*** Begin section ***

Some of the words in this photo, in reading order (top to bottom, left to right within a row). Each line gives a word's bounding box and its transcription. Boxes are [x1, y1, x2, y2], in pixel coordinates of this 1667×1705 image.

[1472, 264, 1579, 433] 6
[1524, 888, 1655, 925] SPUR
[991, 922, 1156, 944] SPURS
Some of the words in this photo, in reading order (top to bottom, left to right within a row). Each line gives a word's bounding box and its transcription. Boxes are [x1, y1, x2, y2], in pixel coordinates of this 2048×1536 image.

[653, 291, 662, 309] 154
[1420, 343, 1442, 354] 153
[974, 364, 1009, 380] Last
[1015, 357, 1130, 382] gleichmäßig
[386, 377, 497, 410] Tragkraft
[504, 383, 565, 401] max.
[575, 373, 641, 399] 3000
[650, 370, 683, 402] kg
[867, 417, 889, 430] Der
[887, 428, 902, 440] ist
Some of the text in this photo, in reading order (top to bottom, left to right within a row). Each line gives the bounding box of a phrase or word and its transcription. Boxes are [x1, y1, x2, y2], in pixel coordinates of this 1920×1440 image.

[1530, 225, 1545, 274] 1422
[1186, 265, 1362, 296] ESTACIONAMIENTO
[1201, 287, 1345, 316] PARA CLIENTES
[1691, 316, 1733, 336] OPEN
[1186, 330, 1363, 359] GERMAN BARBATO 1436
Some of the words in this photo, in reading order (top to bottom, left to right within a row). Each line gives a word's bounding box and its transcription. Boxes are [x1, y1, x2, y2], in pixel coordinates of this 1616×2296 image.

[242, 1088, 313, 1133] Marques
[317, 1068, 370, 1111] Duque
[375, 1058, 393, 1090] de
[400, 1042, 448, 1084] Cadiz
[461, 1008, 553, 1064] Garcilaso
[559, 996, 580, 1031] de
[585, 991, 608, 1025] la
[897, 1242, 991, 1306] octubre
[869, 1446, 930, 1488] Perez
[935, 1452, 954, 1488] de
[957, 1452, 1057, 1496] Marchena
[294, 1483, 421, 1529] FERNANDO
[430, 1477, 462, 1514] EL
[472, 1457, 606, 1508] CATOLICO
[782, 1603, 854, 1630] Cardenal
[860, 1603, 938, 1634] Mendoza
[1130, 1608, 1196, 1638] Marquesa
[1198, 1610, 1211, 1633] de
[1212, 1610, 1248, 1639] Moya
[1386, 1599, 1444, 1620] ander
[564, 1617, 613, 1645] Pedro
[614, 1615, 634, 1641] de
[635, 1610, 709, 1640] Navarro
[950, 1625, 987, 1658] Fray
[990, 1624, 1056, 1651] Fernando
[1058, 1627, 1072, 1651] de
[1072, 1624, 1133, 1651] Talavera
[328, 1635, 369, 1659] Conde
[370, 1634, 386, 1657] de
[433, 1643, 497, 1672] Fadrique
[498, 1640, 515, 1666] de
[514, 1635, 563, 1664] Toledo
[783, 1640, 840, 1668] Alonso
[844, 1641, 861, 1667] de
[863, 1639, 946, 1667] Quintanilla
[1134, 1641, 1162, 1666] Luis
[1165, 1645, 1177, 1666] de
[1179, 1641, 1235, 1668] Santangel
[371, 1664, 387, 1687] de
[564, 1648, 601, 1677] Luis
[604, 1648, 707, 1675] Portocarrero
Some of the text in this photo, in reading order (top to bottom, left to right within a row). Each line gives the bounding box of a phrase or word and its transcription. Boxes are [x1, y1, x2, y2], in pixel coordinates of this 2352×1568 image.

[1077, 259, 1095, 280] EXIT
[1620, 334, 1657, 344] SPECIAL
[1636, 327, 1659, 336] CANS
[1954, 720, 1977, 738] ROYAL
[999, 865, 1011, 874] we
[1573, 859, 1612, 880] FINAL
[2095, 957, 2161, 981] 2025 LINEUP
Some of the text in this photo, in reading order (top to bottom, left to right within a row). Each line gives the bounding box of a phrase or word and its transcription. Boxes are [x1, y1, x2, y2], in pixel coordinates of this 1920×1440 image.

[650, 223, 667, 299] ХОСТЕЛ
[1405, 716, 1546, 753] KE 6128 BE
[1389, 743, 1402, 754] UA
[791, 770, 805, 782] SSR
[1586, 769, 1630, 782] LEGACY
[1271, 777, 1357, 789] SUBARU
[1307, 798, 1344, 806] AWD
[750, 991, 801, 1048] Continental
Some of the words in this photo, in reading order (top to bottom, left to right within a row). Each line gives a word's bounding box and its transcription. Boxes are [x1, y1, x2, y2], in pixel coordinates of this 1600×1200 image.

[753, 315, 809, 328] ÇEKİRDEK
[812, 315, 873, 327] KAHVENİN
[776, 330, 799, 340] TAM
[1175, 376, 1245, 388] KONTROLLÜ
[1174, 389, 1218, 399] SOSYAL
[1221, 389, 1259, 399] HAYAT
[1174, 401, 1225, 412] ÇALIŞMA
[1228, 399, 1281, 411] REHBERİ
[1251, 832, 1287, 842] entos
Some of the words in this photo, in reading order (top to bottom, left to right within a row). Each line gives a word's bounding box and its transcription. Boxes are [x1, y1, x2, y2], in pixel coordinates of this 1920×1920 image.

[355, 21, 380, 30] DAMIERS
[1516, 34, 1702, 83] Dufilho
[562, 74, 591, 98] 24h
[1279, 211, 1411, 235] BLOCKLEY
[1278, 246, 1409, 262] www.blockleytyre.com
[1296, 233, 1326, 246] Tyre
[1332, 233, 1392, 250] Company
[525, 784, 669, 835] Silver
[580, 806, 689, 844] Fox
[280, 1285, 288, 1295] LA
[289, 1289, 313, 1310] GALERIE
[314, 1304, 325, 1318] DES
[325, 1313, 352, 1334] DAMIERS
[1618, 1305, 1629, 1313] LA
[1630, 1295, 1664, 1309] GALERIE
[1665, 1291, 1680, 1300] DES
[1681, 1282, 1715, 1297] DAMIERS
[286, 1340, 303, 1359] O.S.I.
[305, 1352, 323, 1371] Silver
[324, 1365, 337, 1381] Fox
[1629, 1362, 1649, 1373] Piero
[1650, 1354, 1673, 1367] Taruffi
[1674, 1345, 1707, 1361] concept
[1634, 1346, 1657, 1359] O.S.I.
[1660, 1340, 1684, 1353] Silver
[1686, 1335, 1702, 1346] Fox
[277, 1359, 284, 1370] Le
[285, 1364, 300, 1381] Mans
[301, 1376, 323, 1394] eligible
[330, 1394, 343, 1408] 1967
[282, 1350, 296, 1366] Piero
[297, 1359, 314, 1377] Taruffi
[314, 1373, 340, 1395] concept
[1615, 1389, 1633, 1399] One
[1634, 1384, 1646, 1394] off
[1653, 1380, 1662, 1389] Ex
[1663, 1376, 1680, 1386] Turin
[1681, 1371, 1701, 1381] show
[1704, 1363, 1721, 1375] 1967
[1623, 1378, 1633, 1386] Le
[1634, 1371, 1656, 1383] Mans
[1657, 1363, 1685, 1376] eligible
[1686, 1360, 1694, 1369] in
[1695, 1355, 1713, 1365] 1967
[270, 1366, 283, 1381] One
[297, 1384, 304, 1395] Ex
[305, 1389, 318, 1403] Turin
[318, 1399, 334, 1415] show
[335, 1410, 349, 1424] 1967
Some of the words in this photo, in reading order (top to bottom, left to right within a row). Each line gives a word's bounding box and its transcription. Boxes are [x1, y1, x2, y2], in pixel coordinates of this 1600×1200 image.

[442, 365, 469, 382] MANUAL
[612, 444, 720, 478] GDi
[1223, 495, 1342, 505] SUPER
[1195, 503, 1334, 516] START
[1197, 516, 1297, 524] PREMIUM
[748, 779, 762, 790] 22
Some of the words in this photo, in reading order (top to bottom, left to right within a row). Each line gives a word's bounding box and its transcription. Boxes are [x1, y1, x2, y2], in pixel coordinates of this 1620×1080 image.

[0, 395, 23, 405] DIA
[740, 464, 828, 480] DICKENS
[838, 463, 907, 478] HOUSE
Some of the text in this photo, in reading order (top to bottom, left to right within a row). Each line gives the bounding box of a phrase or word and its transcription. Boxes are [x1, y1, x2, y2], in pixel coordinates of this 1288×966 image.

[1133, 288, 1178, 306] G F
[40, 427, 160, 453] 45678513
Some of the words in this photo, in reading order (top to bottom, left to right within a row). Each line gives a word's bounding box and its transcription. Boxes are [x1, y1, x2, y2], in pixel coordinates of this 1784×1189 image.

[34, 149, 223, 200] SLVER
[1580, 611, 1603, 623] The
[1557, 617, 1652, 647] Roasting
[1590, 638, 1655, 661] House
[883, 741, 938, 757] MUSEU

*** End section ***

● **Exercise requirements**
Everything from the line containing "this 1784×1189 image." to the end of the data above should be quoted exactly, please, both ends included, and nothing outside that span.

● **Reply**
Some of the words in this photo, in reading order (top to bottom, left to right within a row). Each line gives a word's bounding box and its transcription. Boxes are [x1, y1, x2, y2], in pixel coordinates of this 1784×1189 image.

[34, 149, 223, 200] SLVER
[1580, 611, 1603, 623] The
[1557, 617, 1652, 647] Roasting
[1590, 638, 1655, 661] House
[883, 741, 938, 757] MUSEU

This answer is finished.